Seven Dutch provinces join forces to strengthen cybersecurity under new EU rules
Seven Dutch provinces are creating a joint digital security center to protect people against cyber threats. In the meantime, the Netherlands faces possible legal action from the European Commission for failing to introduce a new cybersecurity law on time. Each participating province is expected to contribute up to 500,000 euros annually.
Drenthe, Flevoland, Friesland, Limburg, Overijssel, Utrecht, and Zeeland are seeking a shared Security Operations Center (SOC). SOC would include a specialized team that continuously monitors IT systems, detects cyber threats, and responds to incidents. The provinces want to work together to reduce costs and comply with the new cybersecurity law, which was approved earlier this year by both the Tweede Kamer and the Eerste Kamer.

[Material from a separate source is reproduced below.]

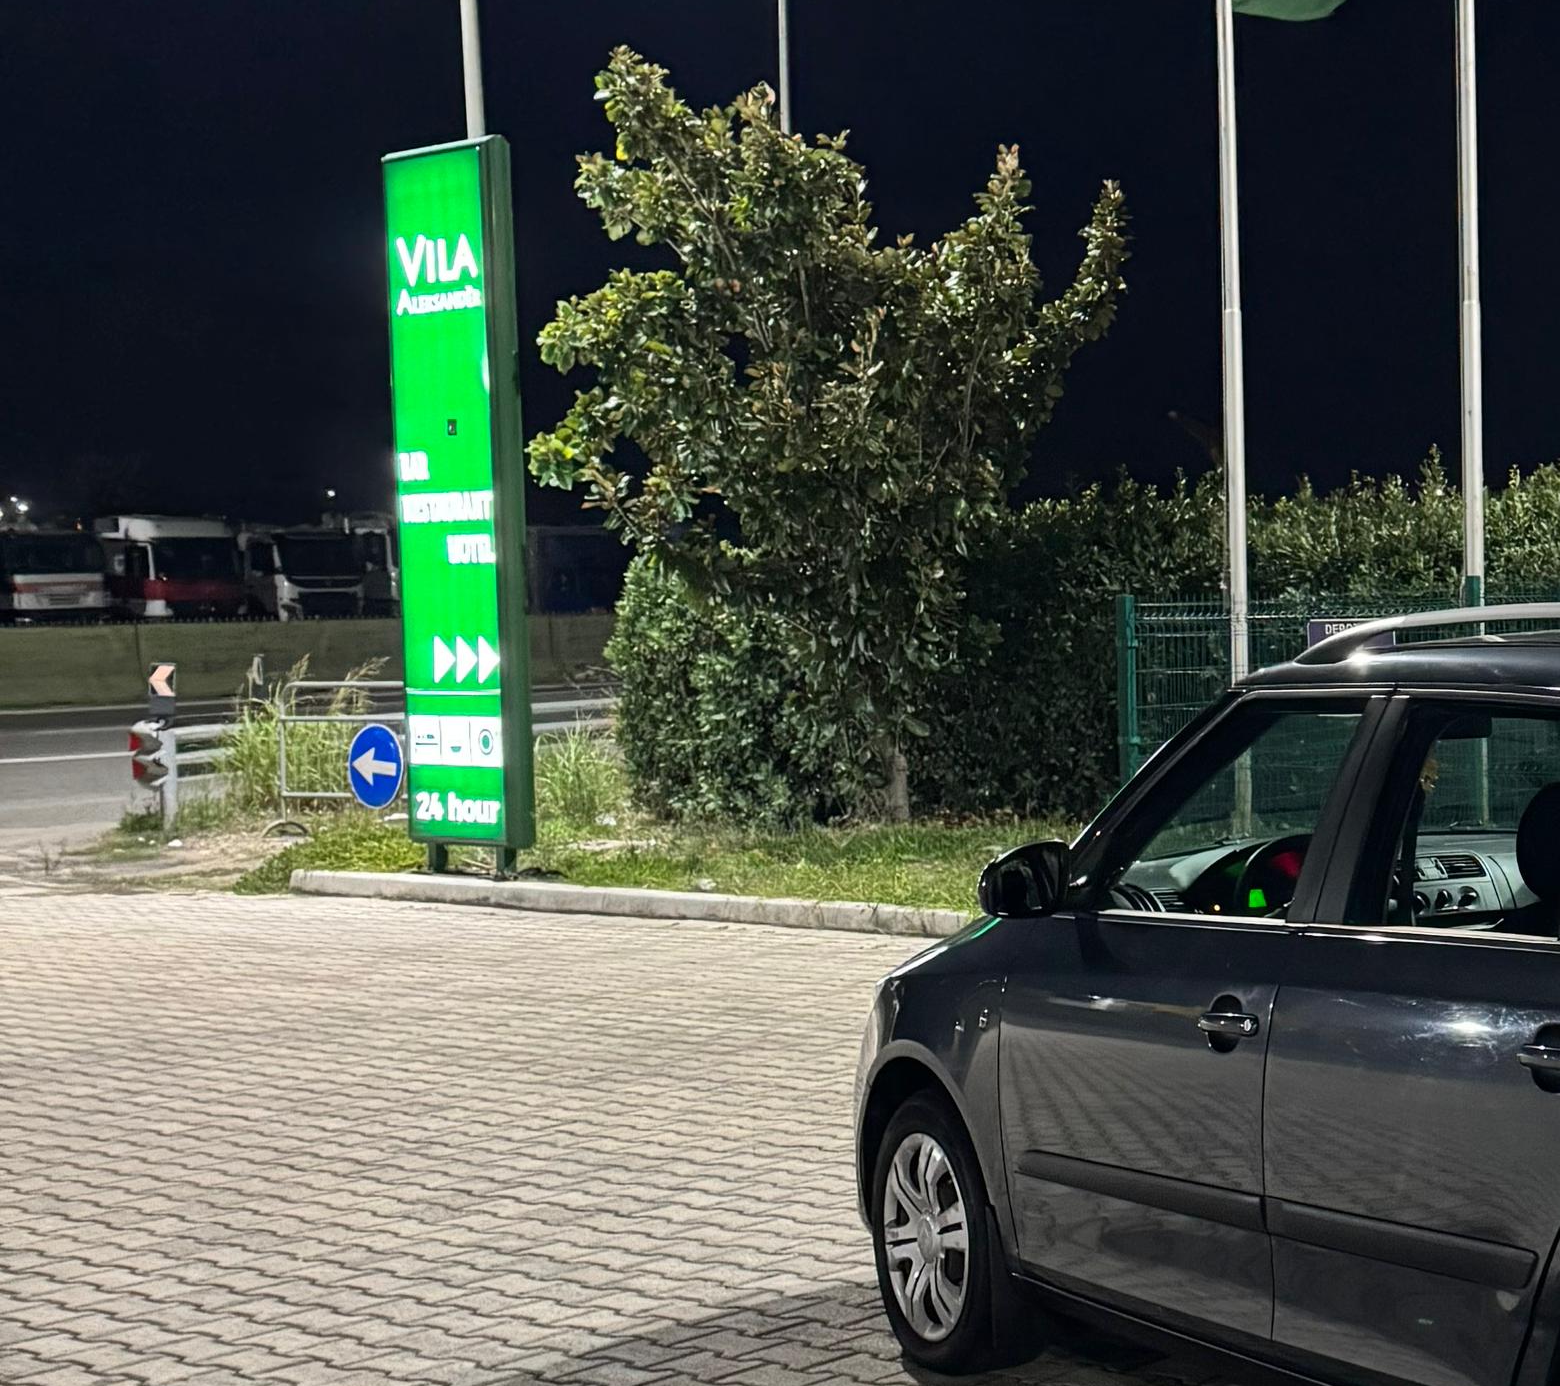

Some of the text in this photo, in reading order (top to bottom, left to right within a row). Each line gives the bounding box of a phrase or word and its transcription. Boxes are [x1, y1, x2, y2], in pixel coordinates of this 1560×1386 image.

The law requires more than 8,000 organizations, including provinces, to report cyber incidents within a set period. The rules are based on a European Union directive requiring member states to report cyber incidents within 24 hours across 18 critical sectors, including health care, banking, transportation, and government services.
Some provinces have already hired their own SOCs, but the seven provinces involved in the joint effort are planning a combined procurement process. The tender is expected to be completed next year.
“We must not be naive,” said Zeeland VVD provincial executive Daniëlle de Clerck. “It is a fact that more and more cyberattacks are taking place. Don’t ask me about numbers, but I do know that we are not doing this for no reason.”
Zeeland said Gelderland, Groningen, Noord-Brabant, and Noord-Holland intend to join the shared security center at a later stage.